╔══

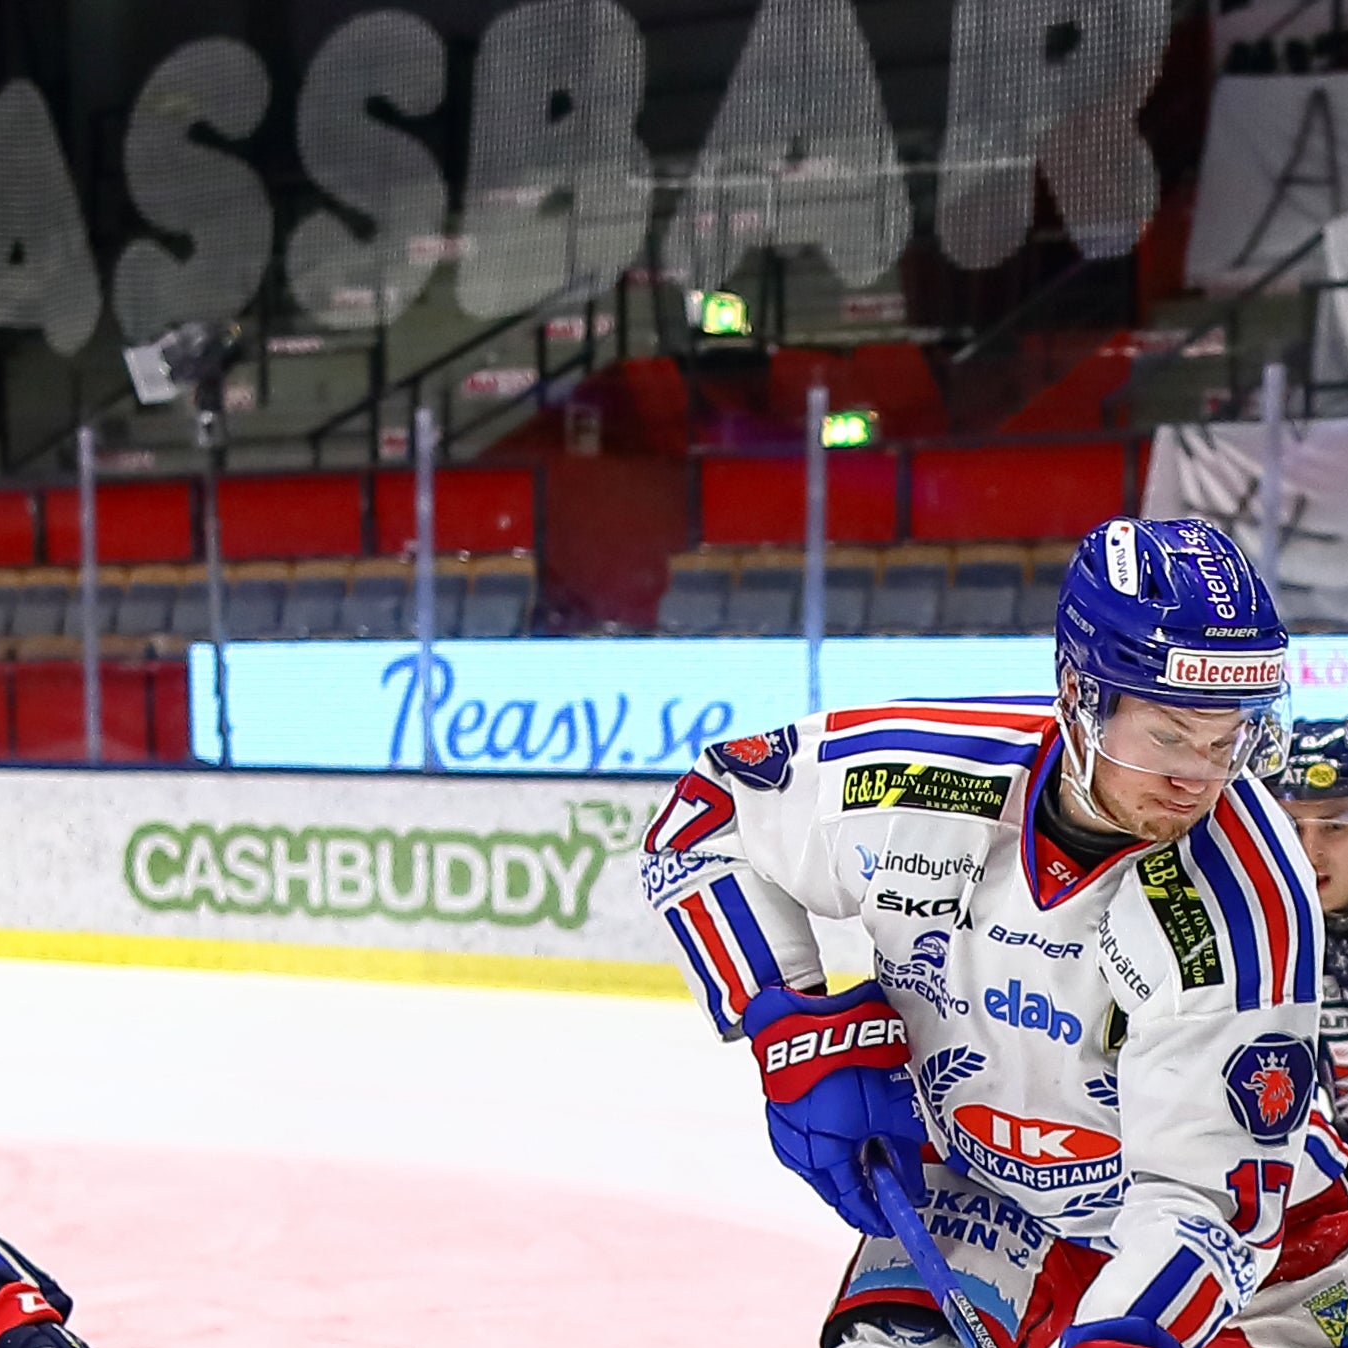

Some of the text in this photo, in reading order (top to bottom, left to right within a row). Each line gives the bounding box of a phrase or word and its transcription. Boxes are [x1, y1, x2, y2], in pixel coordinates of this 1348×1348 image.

[844, 769, 887, 804] G&B
[131, 832, 595, 918] CASHBUDDY
[956, 1131, 1119, 1190] OSKARSHAMN
[991, 1114, 1078, 1158] IK
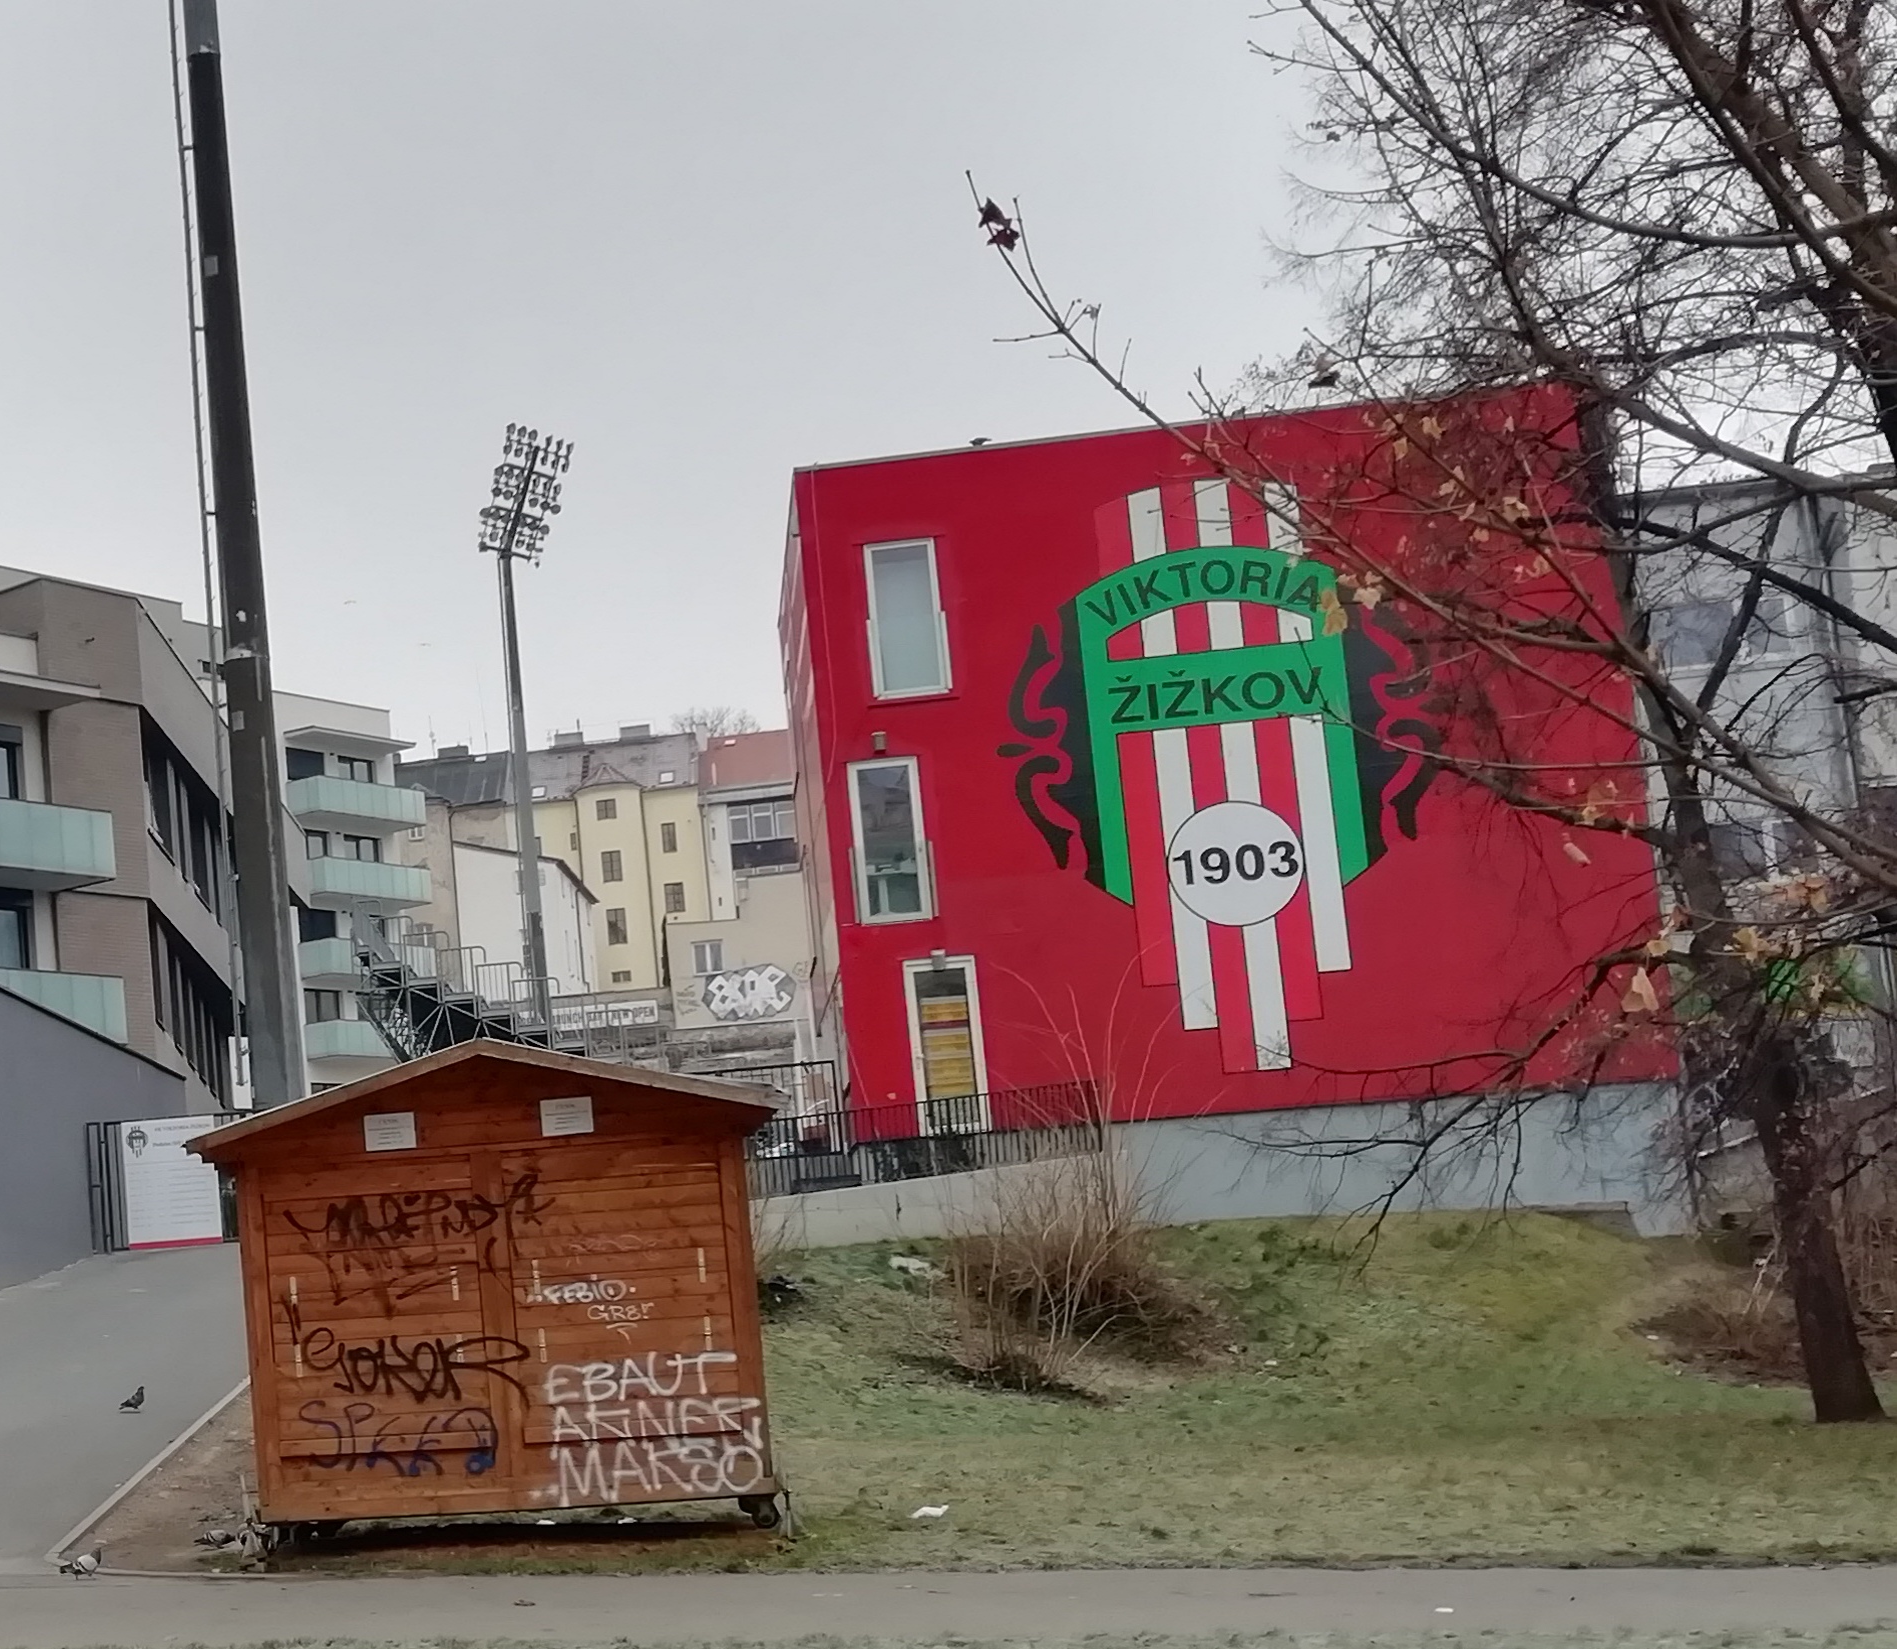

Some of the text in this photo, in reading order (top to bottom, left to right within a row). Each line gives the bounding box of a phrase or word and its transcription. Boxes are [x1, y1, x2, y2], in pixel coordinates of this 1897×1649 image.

╚══

Retype every entry exactly as written. Leave the pictures out.

Some of the text in this photo, in reading order (top to bottom, left to right within a row). Each line gives the bounding box of a phrase or word and its transcription. Boxes are [x1, y1, x2, y2], in pixel coordinates of this 1348×1348 image.

[844, 769, 887, 804] G&B
[131, 832, 595, 918] CASHBUDDY
[956, 1131, 1119, 1190] OSKARSHAMN
[991, 1114, 1078, 1158] IK

Some of the text in this photo, in reading order (top to bottom, left to right within a row). Each line gives the bounding box of a phrase or word and its transcription. Boxes are [x1, y1, x2, y2], in pixel coordinates of this 1897×1649 image.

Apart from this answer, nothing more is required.